BEGIN DATA FOR THIS TASK
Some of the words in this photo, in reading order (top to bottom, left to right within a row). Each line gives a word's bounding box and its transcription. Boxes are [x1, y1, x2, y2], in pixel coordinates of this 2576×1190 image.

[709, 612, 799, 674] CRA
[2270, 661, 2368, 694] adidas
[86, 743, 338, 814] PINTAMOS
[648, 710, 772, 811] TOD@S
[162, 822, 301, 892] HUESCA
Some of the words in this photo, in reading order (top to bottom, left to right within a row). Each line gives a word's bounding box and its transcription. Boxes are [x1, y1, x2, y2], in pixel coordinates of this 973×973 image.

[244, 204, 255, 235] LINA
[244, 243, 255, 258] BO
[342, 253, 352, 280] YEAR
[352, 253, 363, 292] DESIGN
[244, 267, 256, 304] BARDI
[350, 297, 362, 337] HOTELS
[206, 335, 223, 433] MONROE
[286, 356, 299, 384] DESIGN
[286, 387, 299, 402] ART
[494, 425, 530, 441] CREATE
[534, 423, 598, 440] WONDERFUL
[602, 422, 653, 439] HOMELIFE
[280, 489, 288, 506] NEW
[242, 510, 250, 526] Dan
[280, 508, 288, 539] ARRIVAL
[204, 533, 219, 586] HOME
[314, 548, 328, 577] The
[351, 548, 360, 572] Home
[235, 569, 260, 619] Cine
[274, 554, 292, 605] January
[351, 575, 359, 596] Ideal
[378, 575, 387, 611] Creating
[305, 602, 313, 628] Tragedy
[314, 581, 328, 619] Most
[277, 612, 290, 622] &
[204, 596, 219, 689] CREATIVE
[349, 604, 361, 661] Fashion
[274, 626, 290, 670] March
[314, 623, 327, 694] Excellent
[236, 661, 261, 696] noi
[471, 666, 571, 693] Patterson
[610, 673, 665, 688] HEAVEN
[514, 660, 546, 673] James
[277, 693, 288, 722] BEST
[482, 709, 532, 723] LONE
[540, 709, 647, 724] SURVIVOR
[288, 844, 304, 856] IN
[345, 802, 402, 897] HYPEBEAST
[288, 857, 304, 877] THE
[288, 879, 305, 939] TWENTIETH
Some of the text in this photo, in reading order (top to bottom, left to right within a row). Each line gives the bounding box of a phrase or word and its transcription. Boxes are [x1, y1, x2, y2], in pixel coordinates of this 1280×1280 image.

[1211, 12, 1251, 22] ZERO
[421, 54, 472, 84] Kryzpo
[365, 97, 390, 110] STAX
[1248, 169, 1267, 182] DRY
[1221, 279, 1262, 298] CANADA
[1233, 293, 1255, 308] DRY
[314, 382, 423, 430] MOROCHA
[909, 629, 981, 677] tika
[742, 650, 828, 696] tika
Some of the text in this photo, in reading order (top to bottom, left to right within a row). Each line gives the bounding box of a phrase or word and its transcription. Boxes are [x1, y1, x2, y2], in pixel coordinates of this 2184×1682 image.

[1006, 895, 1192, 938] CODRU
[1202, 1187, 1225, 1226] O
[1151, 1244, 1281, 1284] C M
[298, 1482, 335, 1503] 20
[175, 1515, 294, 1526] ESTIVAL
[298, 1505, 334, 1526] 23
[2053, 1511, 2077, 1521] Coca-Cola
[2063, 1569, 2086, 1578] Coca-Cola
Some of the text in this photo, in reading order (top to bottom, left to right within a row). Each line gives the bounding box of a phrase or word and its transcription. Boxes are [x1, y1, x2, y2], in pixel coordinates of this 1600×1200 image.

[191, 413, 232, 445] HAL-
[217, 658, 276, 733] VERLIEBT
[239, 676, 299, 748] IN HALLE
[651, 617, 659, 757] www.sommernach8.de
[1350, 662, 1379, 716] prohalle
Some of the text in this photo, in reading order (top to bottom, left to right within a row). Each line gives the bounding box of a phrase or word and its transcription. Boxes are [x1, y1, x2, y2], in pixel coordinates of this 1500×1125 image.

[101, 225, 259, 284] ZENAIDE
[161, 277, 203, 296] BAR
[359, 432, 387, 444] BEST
END DATA FOR THIS TASK
ACTION ITEM -> Print out every record again, exactly and in full.

EXERCISE OUTPUT ->
Some of the words in this photo, in reading order (top to bottom, left to right within a row). Each line gives a word's bounding box and its transcription. Boxes are [x1, y1, x2, y2], in pixel coordinates of this 2576×1190 image.

[709, 612, 799, 674] CRA
[2270, 661, 2368, 694] adidas
[86, 743, 338, 814] PINTAMOS
[648, 710, 772, 811] TOD@S
[162, 822, 301, 892] HUESCA
Some of the words in this photo, in reading order (top to bottom, left to right within a row). Each line gives a word's bounding box and its transcription. Boxes are [x1, y1, x2, y2], in pixel coordinates of this 973×973 image.

[244, 204, 255, 235] LINA
[244, 243, 255, 258] BO
[342, 253, 352, 280] YEAR
[352, 253, 363, 292] DESIGN
[244, 267, 256, 304] BARDI
[350, 297, 362, 337] HOTELS
[206, 335, 223, 433] MONROE
[286, 356, 299, 384] DESIGN
[286, 387, 299, 402] ART
[494, 425, 530, 441] CREATE
[534, 423, 598, 440] WONDERFUL
[602, 422, 653, 439] HOMELIFE
[280, 489, 288, 506] NEW
[242, 510, 250, 526] Dan
[280, 508, 288, 539] ARRIVAL
[204, 533, 219, 586] HOME
[314, 548, 328, 577] The
[351, 548, 360, 572] Home
[235, 569, 260, 619] Cine
[274, 554, 292, 605] January
[351, 575, 359, 596] Ideal
[378, 575, 387, 611] Creating
[305, 602, 313, 628] Tragedy
[314, 581, 328, 619] Most
[277, 612, 290, 622] &
[204, 596, 219, 689] CREATIVE
[349, 604, 361, 661] Fashion
[274, 626, 290, 670] March
[314, 623, 327, 694] Excellent
[236, 661, 261, 696] noi
[471, 666, 571, 693] Patterson
[610, 673, 665, 688] HEAVEN
[514, 660, 546, 673] James
[277, 693, 288, 722] BEST
[482, 709, 532, 723] LONE
[540, 709, 647, 724] SURVIVOR
[288, 844, 304, 856] IN
[345, 802, 402, 897] HYPEBEAST
[288, 857, 304, 877] THE
[288, 879, 305, 939] TWENTIETH
Some of the text in this photo, in reading order (top to bottom, left to right within a row). Each line gives the bounding box of a phrase or word and its transcription. Boxes are [x1, y1, x2, y2], in pixel coordinates of this 1280×1280 image.

[1211, 12, 1251, 22] ZERO
[421, 54, 472, 84] Kryzpo
[365, 97, 390, 110] STAX
[1248, 169, 1267, 182] DRY
[1221, 279, 1262, 298] CANADA
[1233, 293, 1255, 308] DRY
[314, 382, 423, 430] MOROCHA
[909, 629, 981, 677] tika
[742, 650, 828, 696] tika
Some of the text in this photo, in reading order (top to bottom, left to right within a row). Each line gives the bounding box of a phrase or word and its transcription. Boxes are [x1, y1, x2, y2], in pixel coordinates of this 2184×1682 image.

[1006, 895, 1192, 938] CODRU
[1202, 1187, 1225, 1226] O
[1151, 1244, 1281, 1284] C M
[298, 1482, 335, 1503] 20
[175, 1515, 294, 1526] ESTIVAL
[298, 1505, 334, 1526] 23
[2053, 1511, 2077, 1521] Coca-Cola
[2063, 1569, 2086, 1578] Coca-Cola
Some of the text in this photo, in reading order (top to bottom, left to right within a row). Each line gives the bounding box of a phrase or word and its transcription. Boxes are [x1, y1, x2, y2], in pixel coordinates of this 1600×1200 image.

[191, 413, 232, 445] HAL-
[217, 658, 276, 733] VERLIEBT
[239, 676, 299, 748] IN HALLE
[651, 617, 659, 757] www.sommernach8.de
[1350, 662, 1379, 716] prohalle
Some of the text in this photo, in reading order (top to bottom, left to right within a row). Each line gives the bounding box of a phrase or word and its transcription. Boxes are [x1, y1, x2, y2], in pixel coordinates of this 1500×1125 image.

[101, 225, 259, 284] ZENAIDE
[161, 277, 203, 296] BAR
[359, 432, 387, 444] BEST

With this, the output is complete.